Zur Erinnerung oder Einführung in die Story: Mutter ist in Entzugsklinik, Vater auf Geschäftsreise oder „ähnlichem", so soll Sohn Maik die langen Sommerferien am häuslichen Villenpool verbummeln. Aber sein russisch-deutscher Mitschüler und Außenseiter in der Schule, Andrej, Tschick genannt, verführt ihn dazu, mit einem geklauten Lada abzuhauen, wobei in der Folge diese Abenteuerreise als gefühltes Roadmovie beider Leben verändert.
Mittels choreographischer, räumlicher und requisitendeutender Zitate entwickeln sich die Stationen einer Fahrt ins Blaue mit allen Freuden, Überraschungen und Schrecken einer Flucht ins Unbekannte, definiert durch eine Jugendsprache mit oftmaligem „Scheiße" und pubertärer Kraftmeierei. Magdalena Brandner überzeugt durchgehend als sich wandelnder Maik, ein starkes Pendant dazu liefert die namensgebende Figur Tschick, kräftig und sympathisch umgesetzt von Lilith Pointner.
Ida Peintner taucht tief und klar in ihren Part als Isa Friedemann ein, Linda Prazeller vermag als Figur „Maiks kontrollierendes Alter Ego" genau so wie Anna Reimair als „Maiks kommentierendes Ich" Bewegung und Spielleidenschaft vermitteln, Lara Mayr brilliert tanzend und kommentierend als „Maiks emotionaler Persönlichkeitsanteil", Claudia Kasebacher beeindruckt überraschend flexibel in ihrer Mehrfachrolle als zeitweise stockbesoffene, aber liebesdurstige Mutter Maiks, als Isas Mutter, als Sprechtherapeutin und Stimme am Telefon. Auf Augenhöhe dazu agiert teilweise nachvollziehbar grantig Timo Heimerdinger als Maiks Vater, als Lehrer Wagenbach, als resignierend dozierender Schütze Fricke und als Krankenpfleger.
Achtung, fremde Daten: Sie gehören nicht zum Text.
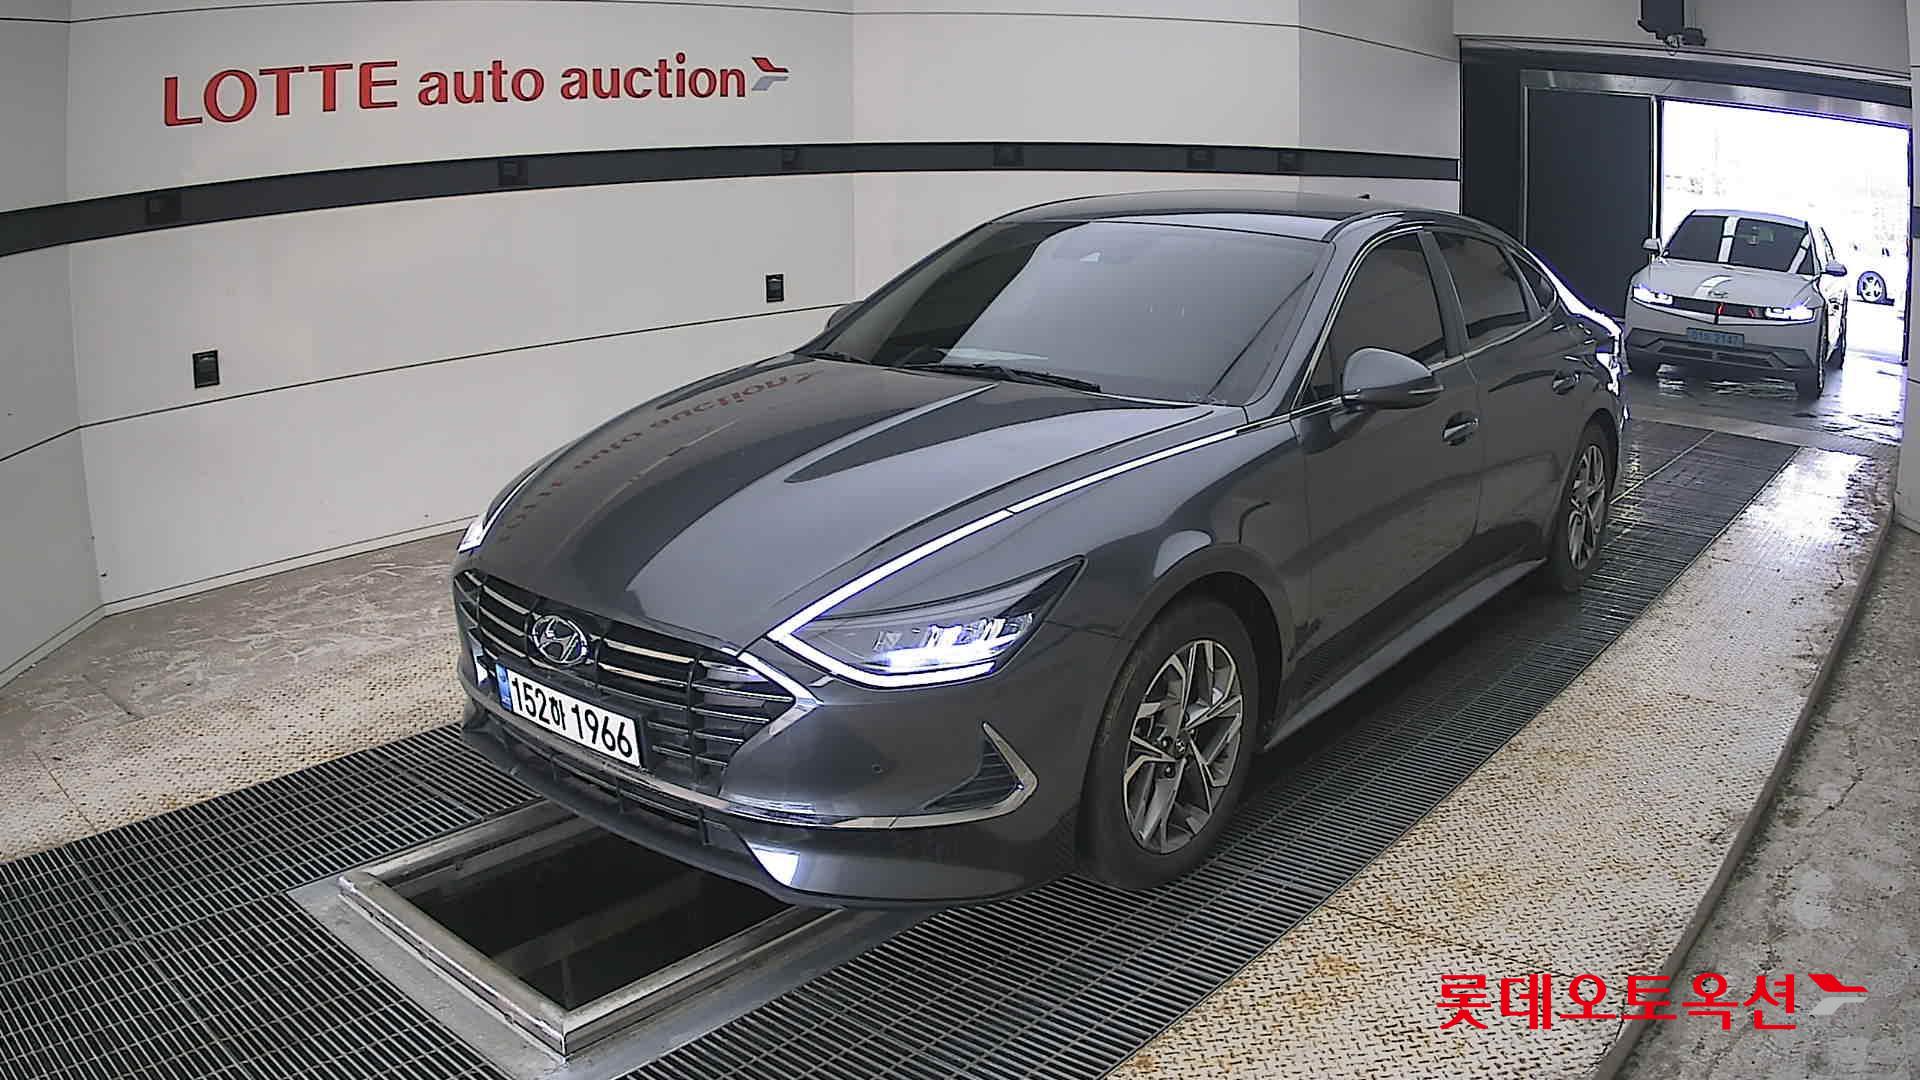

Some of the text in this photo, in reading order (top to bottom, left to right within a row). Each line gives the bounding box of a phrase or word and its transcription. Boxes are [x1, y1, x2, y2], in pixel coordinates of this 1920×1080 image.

[164, 52, 746, 127] LOTTE auto auction
[571, 703, 633, 758] 1966
Was bleibt zurück? Ein wehmütiger Blick in die eigene Vergangenheit, ein Bedauern über verspielte Chancen und ein heimliches Grinsen darüber, dass man auch ein paar Geheimnisse im Lebensrucksack hütet. Eine tiefgründige und szenereiche Vorstellung mit jugendlicher Kraft und erstaunlichem Selbstbewusstsein der jungen Damen, also quasi Pflichtprogramm – Vorstellungen bis zum 9. Mai möglich.